To enable healing, there’s a more effective way to Close the Gap in employment in remote Australia

Originally published on theconversation.com

Talk of healing, care, and well-being is woven throughout the refreshed Closing the Gap agreement. These things were also central to Prime Minister Scott Morrison’s announcement of the Closing the Gap implementation package this week.

As part of the package, the government launched a redress scheme to support “intergenerational healing”, though this was really in response to a class action by survivors of the Stolen Generations.
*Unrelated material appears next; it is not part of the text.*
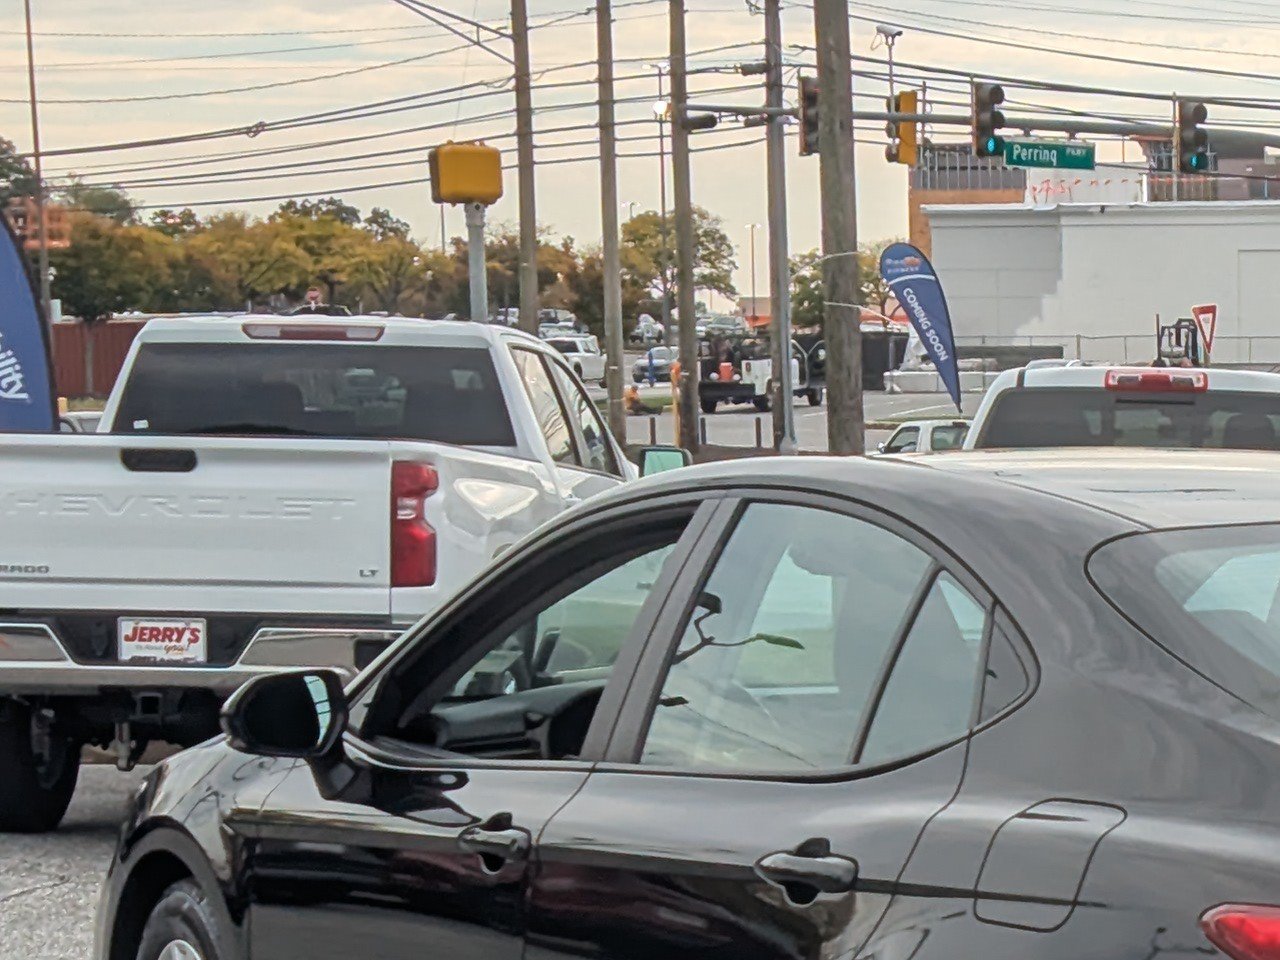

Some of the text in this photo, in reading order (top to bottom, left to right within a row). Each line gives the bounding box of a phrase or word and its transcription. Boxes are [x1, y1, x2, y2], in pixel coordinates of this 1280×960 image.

The package also directs additional funding to Aboriginal community-controlled health organisations to “maintain the high level of care they offer”.

Recognition of the significant violence perpetrated by the settler state and measures to support healing are welcome and long overdue. However, history gives us good reason to be sceptical of the government’s lofty Closing the Gap rhetoric around pursuing improved well-being.

If improved well-being is supposed to underpin the refreshed Closing the Gap approach, then this must filter into all actions taken under the framework. However, measures to promote healing and care will only be treating the symptoms and not the cause while governments continue inflicting harm on Indigenous people.

We use the example of employment policy (targets 7 and 8 in the Closing the Gap agreement) in remote areas to show how government policies continue to create damage that must later be healed.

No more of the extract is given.